The Gal4-UAS system was devised by Andrea Brand and Norbert Perrimon some years ago, and it remains one of the more powerful contributions to the modern Drosophila genetic toolbox.
The system relies on a combination of two engineered P elements. P elements are a naturally occuring transposable element in the Drosophila genome: a complete 2.9kb element encodes a transposase enzyme that catalyses the element's excision and reintergration at novel sites. P elements were the first germline tranformation system developed for Drosophila. An engineered P element contains a marker gene that confers an easily recognised phenotype on flies bearing the element. Nowadays. the most common marker gene is white, which is required for the eyes of the fly to take up the red and brown pigments that give Drosophila its brick red eyes (white is so-named because mutants have white eyes due to an inability to take up pigments).

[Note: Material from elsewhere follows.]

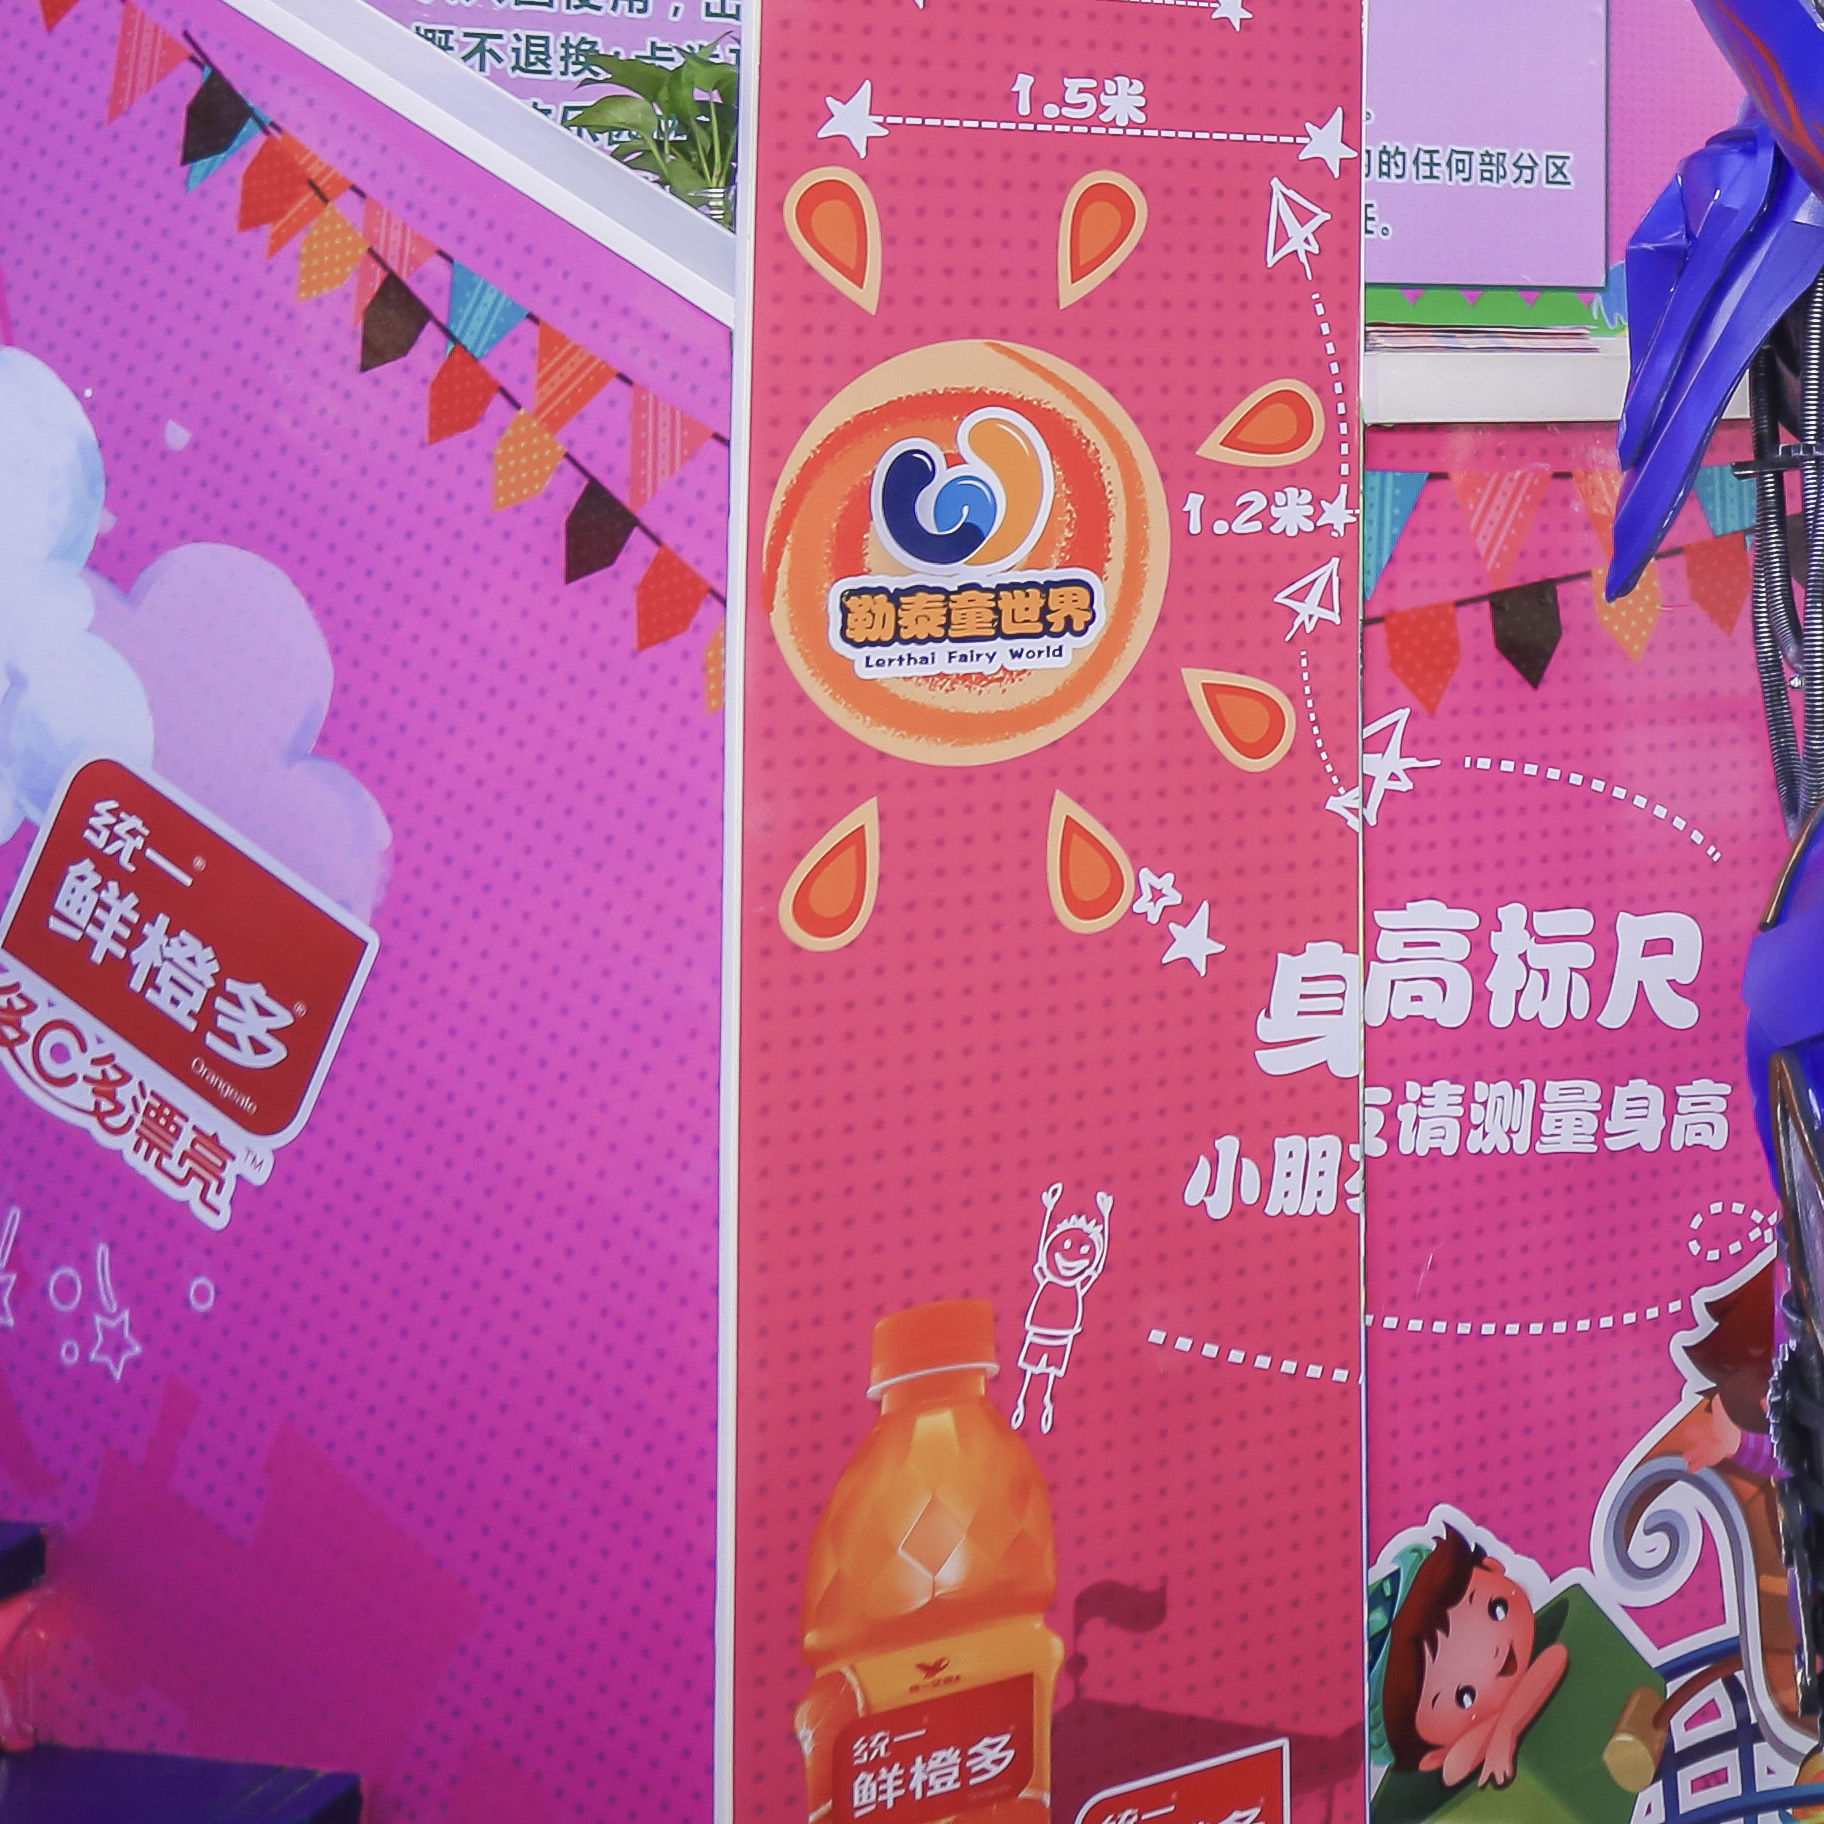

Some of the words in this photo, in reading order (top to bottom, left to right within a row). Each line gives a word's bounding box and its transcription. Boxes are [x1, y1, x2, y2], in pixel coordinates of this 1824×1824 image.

The first element of the Gal4-UAS system carries to transgene to be expressed, downstream of several copies of the yeast Gal4 Upstream Activating Sequence (UAS). Essentially, the UAS is a sequence to which the yeast Gal4 transcription factor binds, thereby driving transcription of the downstream sequences (in this case, the transgene of interest). In the absence of Gal4, the transgene contained within this element is transcriptionally inactive. We can refer to this element as the responder element.